Glandular hypomastia may occur as a developmental or involutional process and affects a significant number of women in the United States. Developmental hypomastia is often seen as primary mammary hypoplasia, or as a sequela of thoracic hypoplasia (Poland syndrome) or other chest wall deformity. Involutional hypomastia may develop in the postpartum setting and may be exacerbated by breast-feeding or significant weight loss. When compared to the norm, inadequate breast volume may lead to a negative body image, feelings of inadequacy and to low self-esteem.1 These disturbances may adversely affect a patient’s interpersonal relationships, sexual fulfillment, and quality of life.2
There has been a steady increase in breast augmentation surgery with the emerging importance of body image, changes in societal expectations, and the increasing acceptance of aesthetic surgery in the United States. Augmentation mammaplasty was performed 289 000 times in 2009, as the most frequently performed cosmetic surgical procedure in women in the United States.3 In this chapter, we review the history of breast augmentation, operative planning and technique, and some perioperative and late complications of the procedure. The evolution of modern breast implants is described.
The first report of successful breast augmentation appeared in 1895 in which Czerny described transplanting a lipoma from the trunk to the breast in a patient deformed by a partial mastectomy.4 In 1954, Longacre described a local dermal-fat flap for augmentation of the breast.5 Eventually, both adipose tissue and omentum were also used to augment the breast.
During the 1950s and 1960s, breast augmentation with solid alloplastic materials was carried out using polyurethane, polytetrafluoroethylene (Teflon), and expanded polyvinyl alcohol formaldehyde (Ivalon sponge). Ultimately, the use of these materials was discontinued after patients developed local tissue reactions, firmness, distortion of the breast, and significant discomfort.6 Various other solid and semi-solid materials have been injected directly into the breast parenchyma for augmentation including epoxy resin, shellac, beeswax, paraffin, petroleum jelly, and liquid silicone. Liquid silicone (polydimethyl siloxane) was originally developed in the aeronautics industry during the Second World War.
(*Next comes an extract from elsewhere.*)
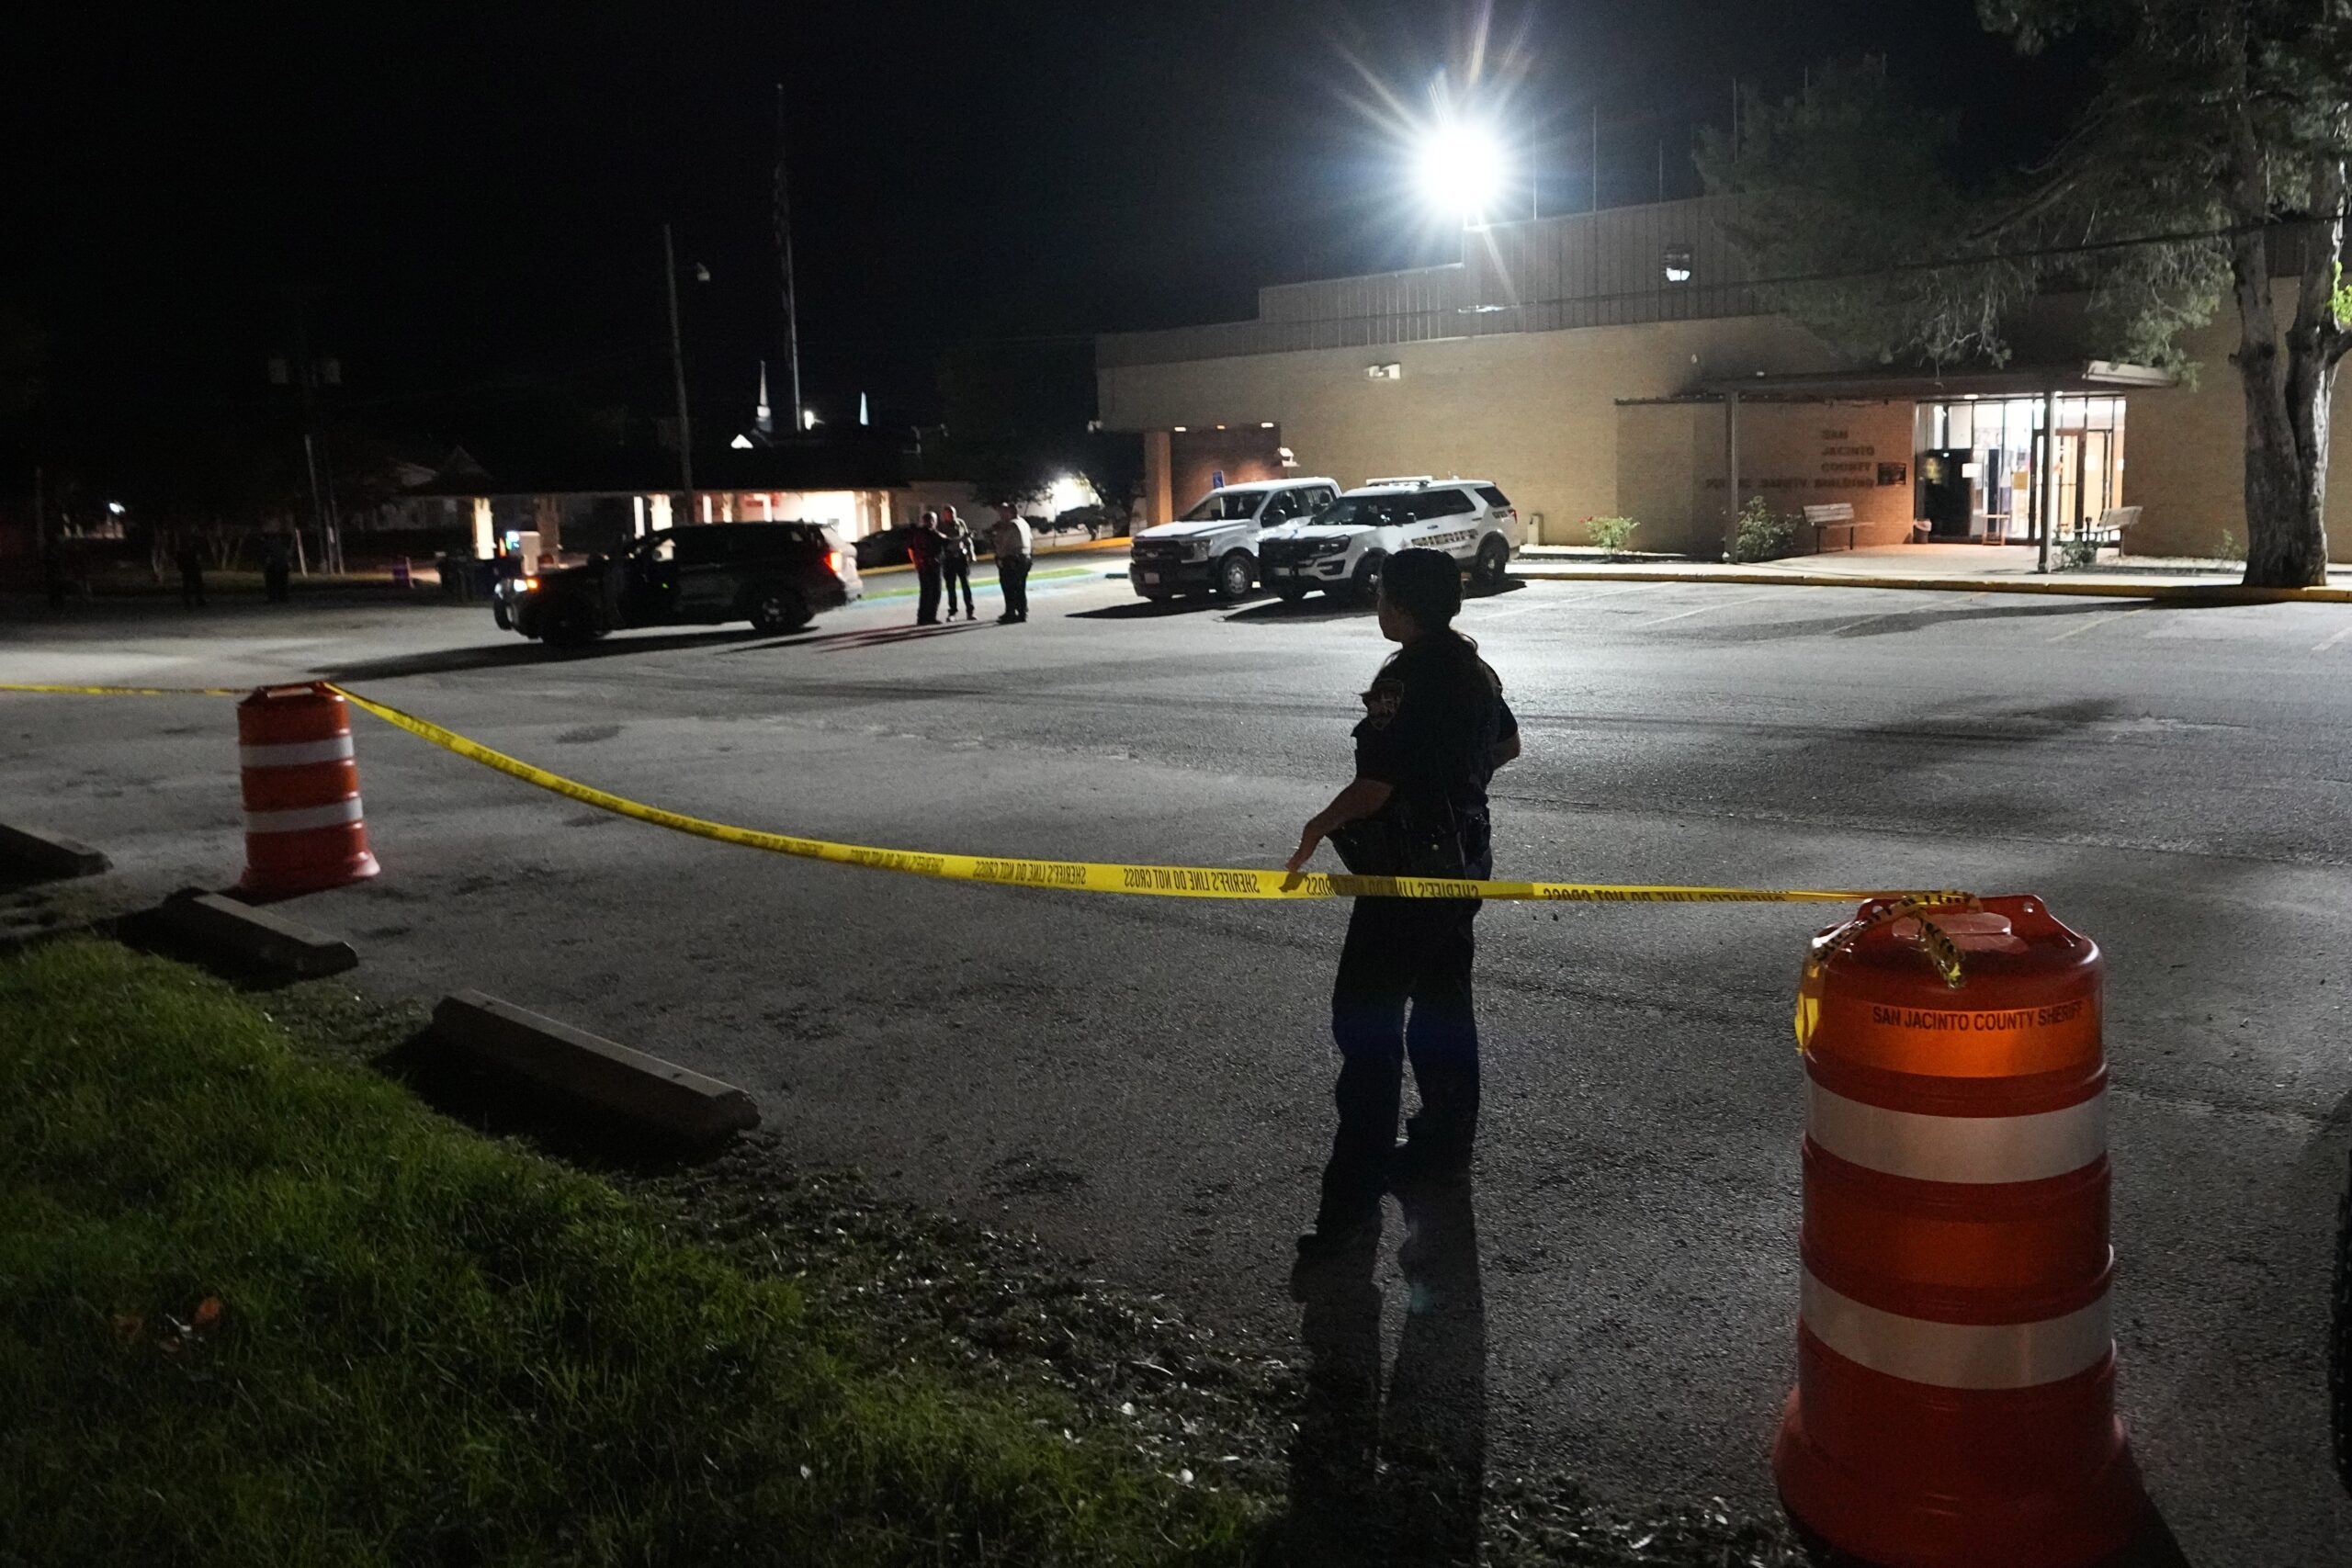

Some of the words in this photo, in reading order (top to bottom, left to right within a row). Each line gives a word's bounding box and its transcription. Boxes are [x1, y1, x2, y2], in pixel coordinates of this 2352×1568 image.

In 1961, Uchida reported the injection of liquid silicone into the breast for breast augmentation.6 Unfortunately, injection of liquid silicone resulted in frequent complications including recurrent infections, chronic inflammation, drainage, granuloma formation and even necrosis.7,8 Breast augmentation by injection of free liquid silicone was abandoned in the United States in light of these complications.
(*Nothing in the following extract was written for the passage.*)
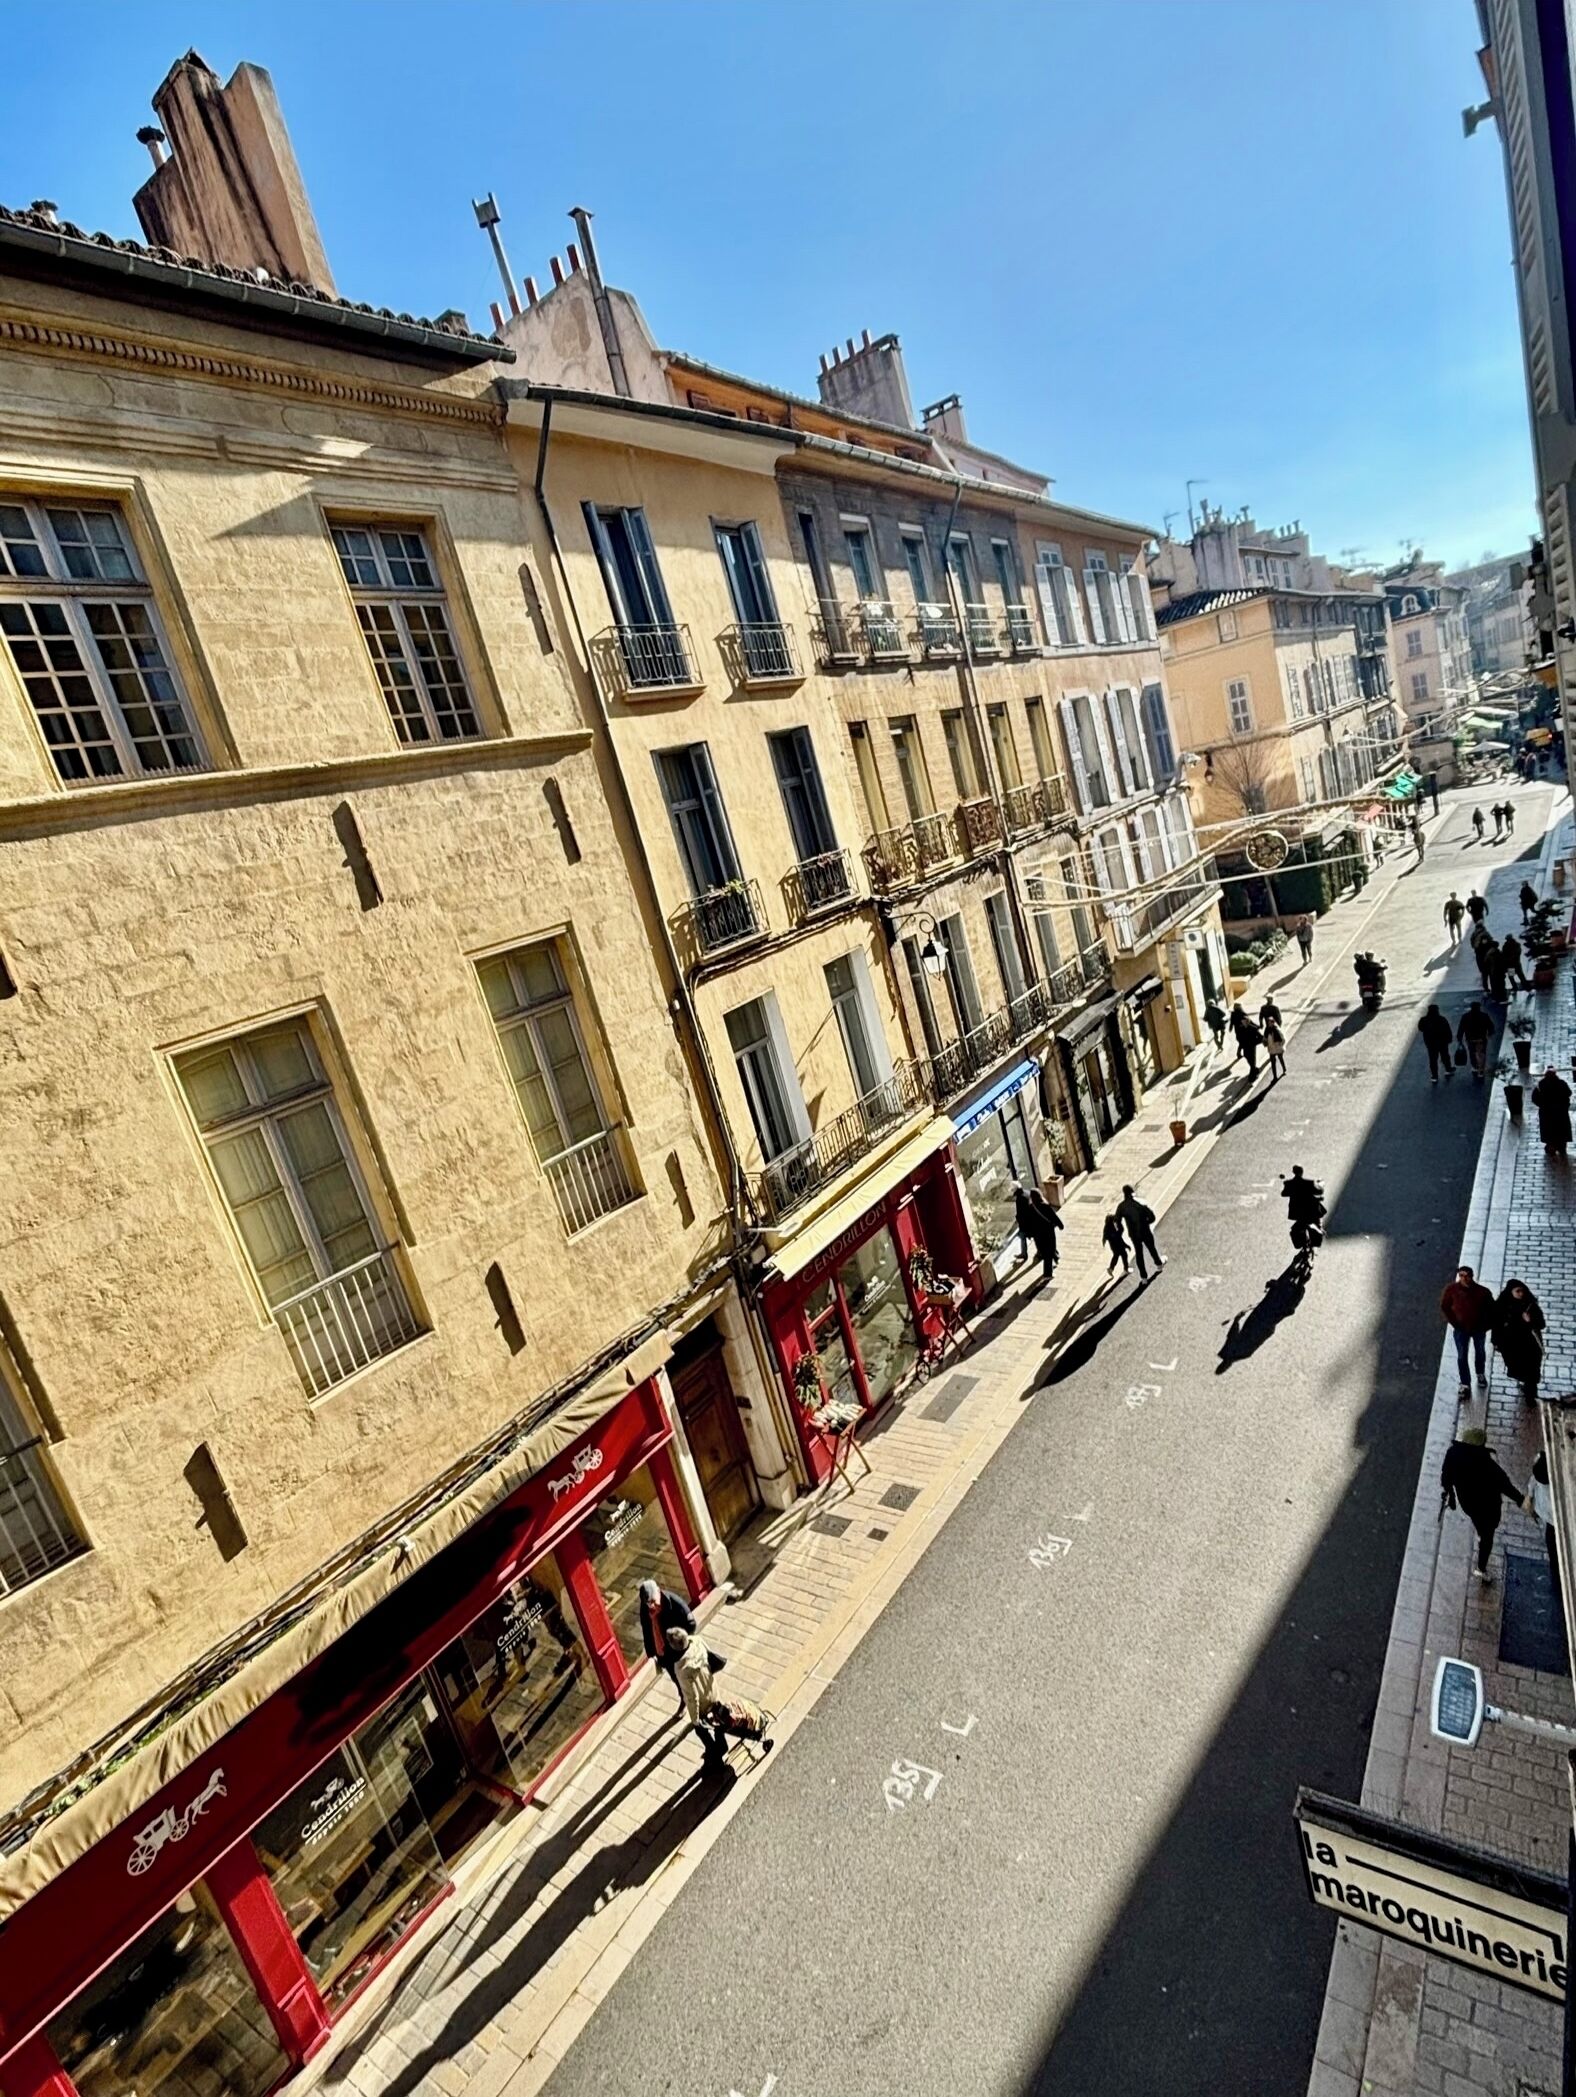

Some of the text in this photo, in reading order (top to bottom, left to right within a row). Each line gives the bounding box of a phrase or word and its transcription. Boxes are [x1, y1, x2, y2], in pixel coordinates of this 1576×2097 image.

The modern breast implant is a two-component prosthetic device manufactured with a nearly impermeable silicone elastomer shell filled with a stable filling material, consisting of either saline solution or silicone gel. This shell + filler implant was the Cronin–Gerow implant, developed in 1962, which used silicone gel as the filling material contained within a thin, smooth silicone elastomer shell.9 Since that time, both silicone gel and saline-filled implants have undergone several technical alterations and improvements with FDA approval of the fourth generation silicone implants in November of 2006.10
The use of inflatable saline-filled breast implants was first reported in 1965 in France.7 The saline-filled implant was developed in order to allow the non-inflated implant to be introduced through a relatively small incision, and then inflating the implant in situ.8 Although the incidence of periprosthetic capsular contracture was lower with the saline-filled implants compared with the early silicone gel-filled implants, the deflation rate was initially quite high. The original saline-filled implants manufactured by Simiplast in France had a deflation rate of 75% at 3 years, and was subsequently withdrawn from the market. In 1968, the Heyer-Schulte Company introduced its version of the inflatable saline-filled breast implant (the Mentor 1-800) in the United States.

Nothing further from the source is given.